Nous Research released Hermes Desktop on June 2, a native application for macOS, Windows, and Linux that gives the open-source autonomous AI agent an official graphical interface for the first time. The app ships as version v0.15.2 under the MIT license, Decrypt reported.
Previously, running Hermes with any visual interface meant relying on third-party community-built GUIs, SSH companions, or browser wrappers. The terminal-first setup was the main friction point keeping Hermes from competing with OpenClaw’s out-of-box visual experience for non-technical users.
What the App Includes
Hermes Desktop is built on Electron and React with a Python backend, running the same agent core as the CLI version. Existing memory, skills, and configuration carry over.
The feature set covers persistent memory that stores projects and learned approaches, natural-language scheduling for recurring tasks, web browsing and image generation, and access to over 300 models through the Nous Portal, according to the official product page. Users can delegate work to sub-agents running isolated tasks in parallel, and connect through Telegram, Discord, Slack, WhatsApp, Signal, and email.

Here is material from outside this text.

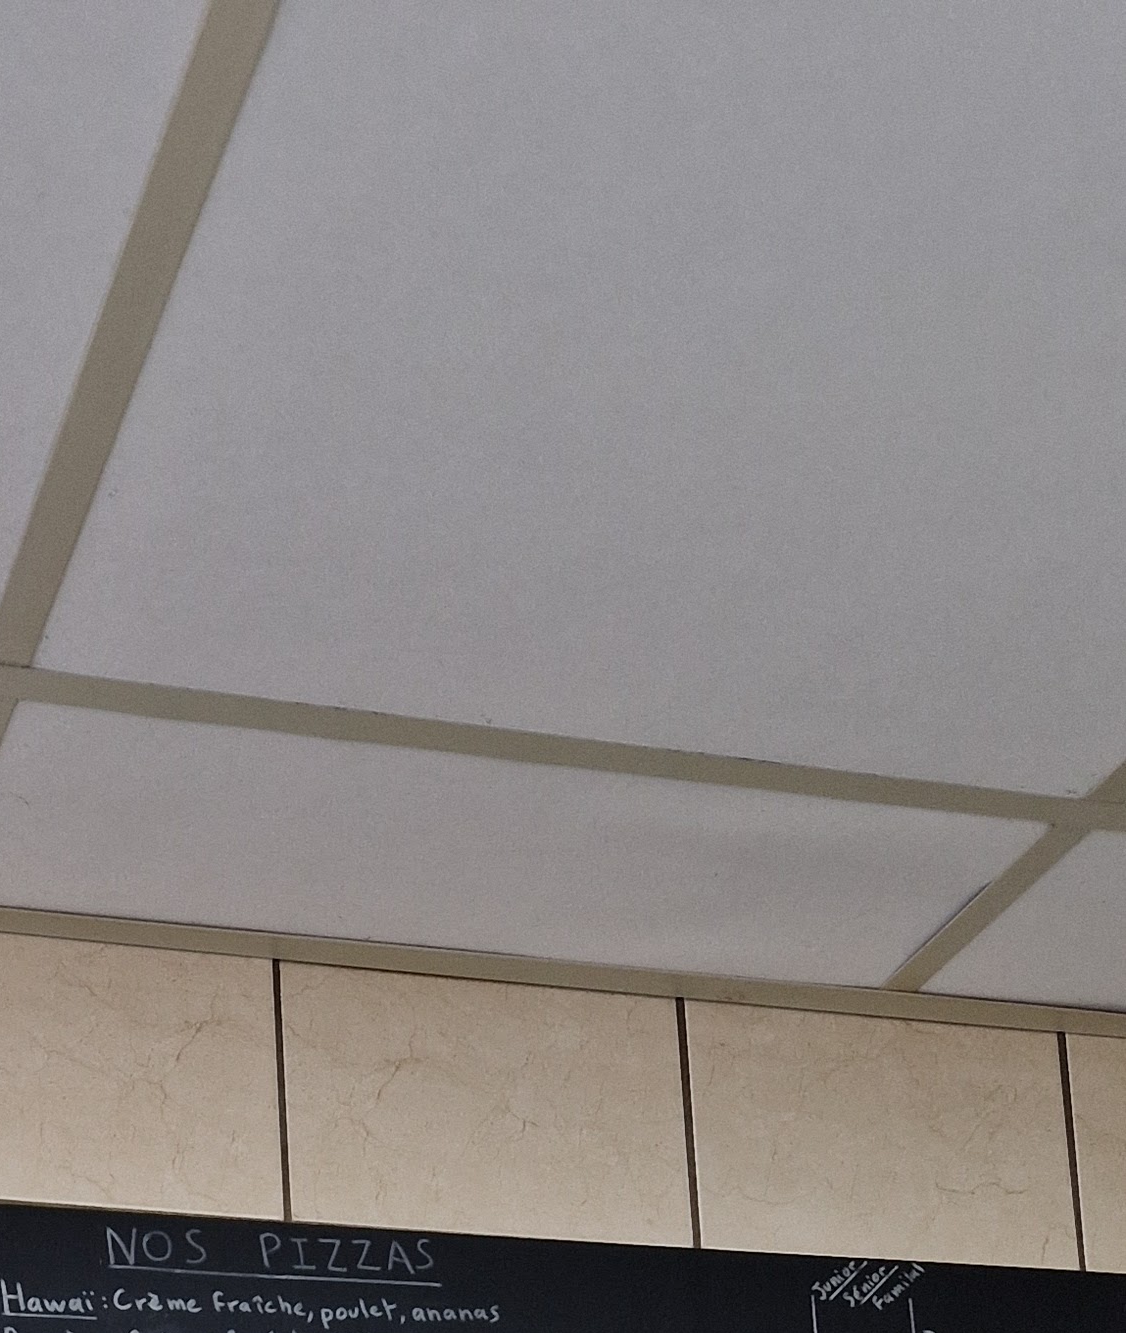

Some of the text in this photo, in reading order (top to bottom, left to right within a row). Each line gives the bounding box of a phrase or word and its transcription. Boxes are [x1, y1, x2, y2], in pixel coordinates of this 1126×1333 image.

Five execution backends handle sandboxed environments: local, Docker, SSH, Singularity, and Modal. The portal offers a free tier, with paid plans (Plus, Super, Ultra) providing monthly credits and expanded model access.
The Competitive Context
Hermes’s core differentiator remains its self-improving skills loop. When it figures out how to solve a problem, it saves the approach as a reusable skill document and applies it automatically next time without re-explanation, as Decrypt noted. That architecture made Hermes popular among developers, but the terminal requirement limited adoption among the broader audience that OpenClaw captured early.

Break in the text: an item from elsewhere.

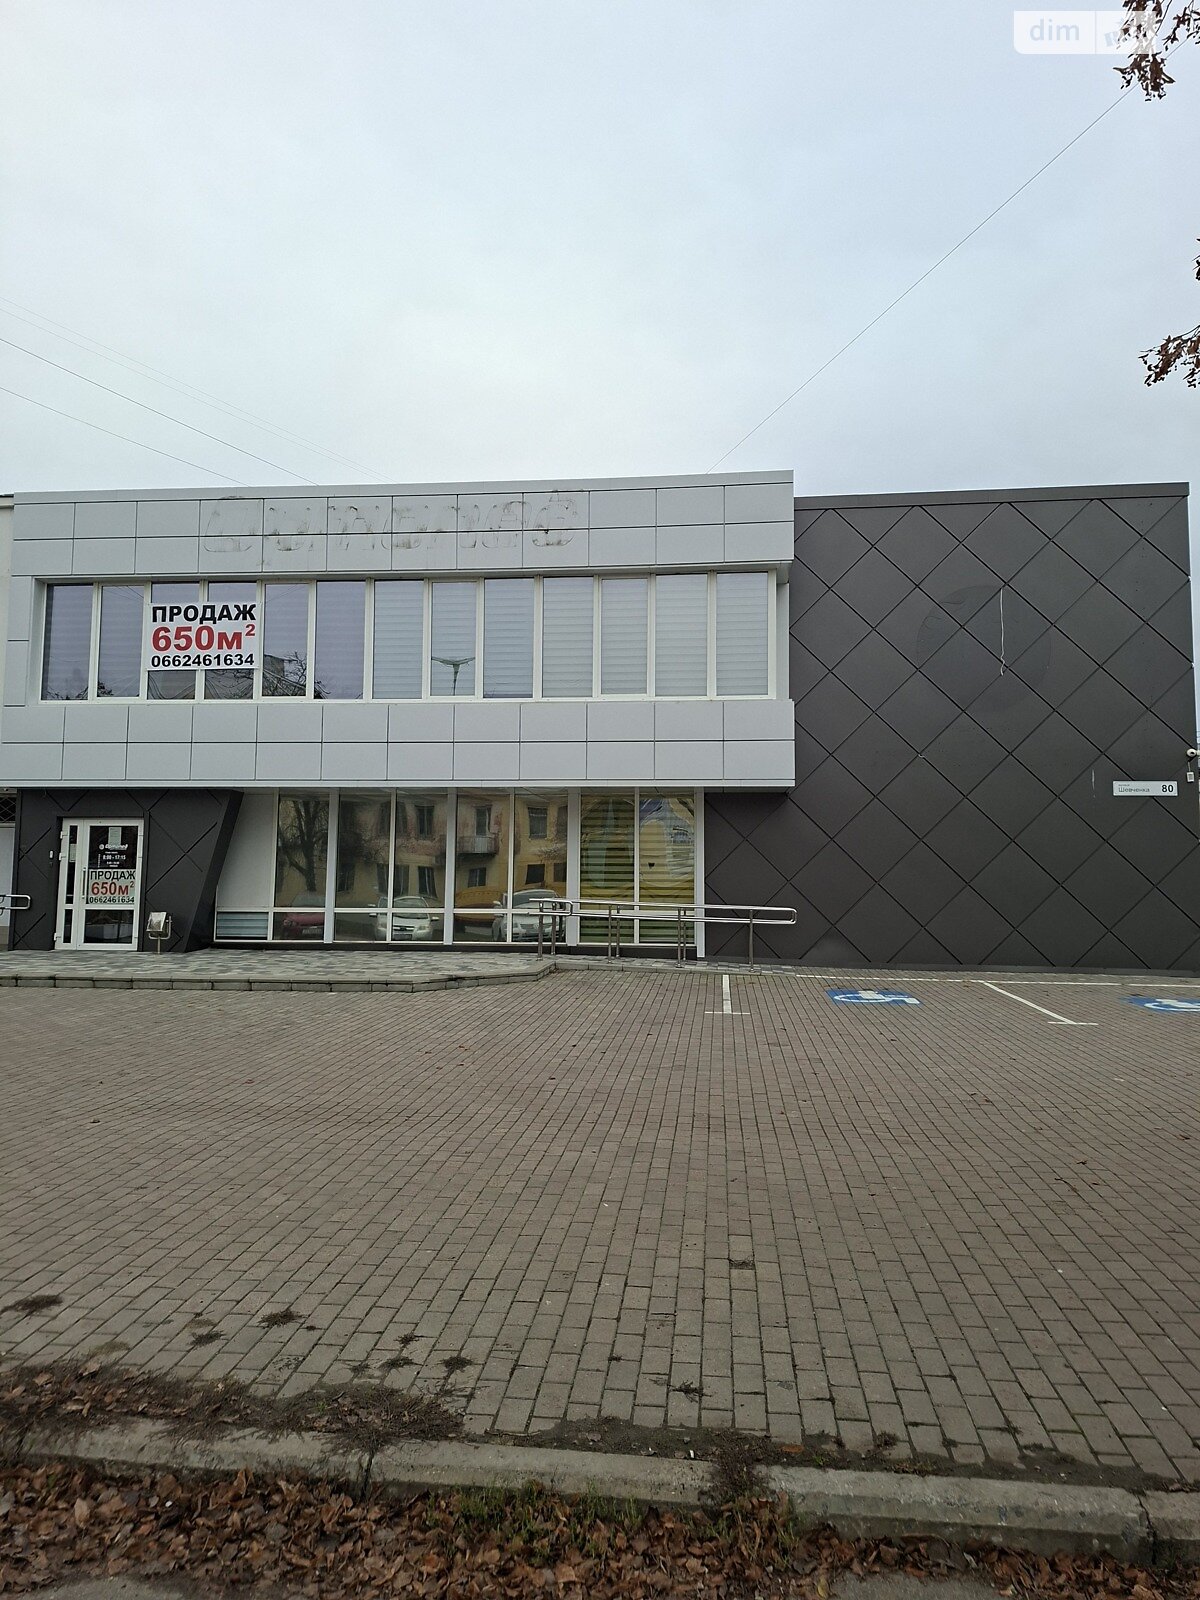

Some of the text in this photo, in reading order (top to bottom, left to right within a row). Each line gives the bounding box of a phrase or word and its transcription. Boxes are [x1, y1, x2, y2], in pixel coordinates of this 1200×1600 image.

[152, 604, 257, 625] ПРОДАЖ
[151, 653, 255, 668] 0662461634
[1161, 784, 1174, 793] 80
[90, 870, 136, 881] ПРОДАЖ

OpenClaw’s advantage has been ecosystem breadth: 50+ messaging integrations, a skill marketplace, and a large community. Hermes’s advantage has been architectural simplicity and continual learning. The desktop app removes the most visible gap between the two, but ecosystem depth and integration count still favor OpenClaw.
Public Preview Caveats
Nous Research notes the app is in public preview, meaning rough edges should be expected. The GitHub repository is live and the team is actively collecting feedback. macOS and Windows builds are direct downloads. Linux users install via terminal.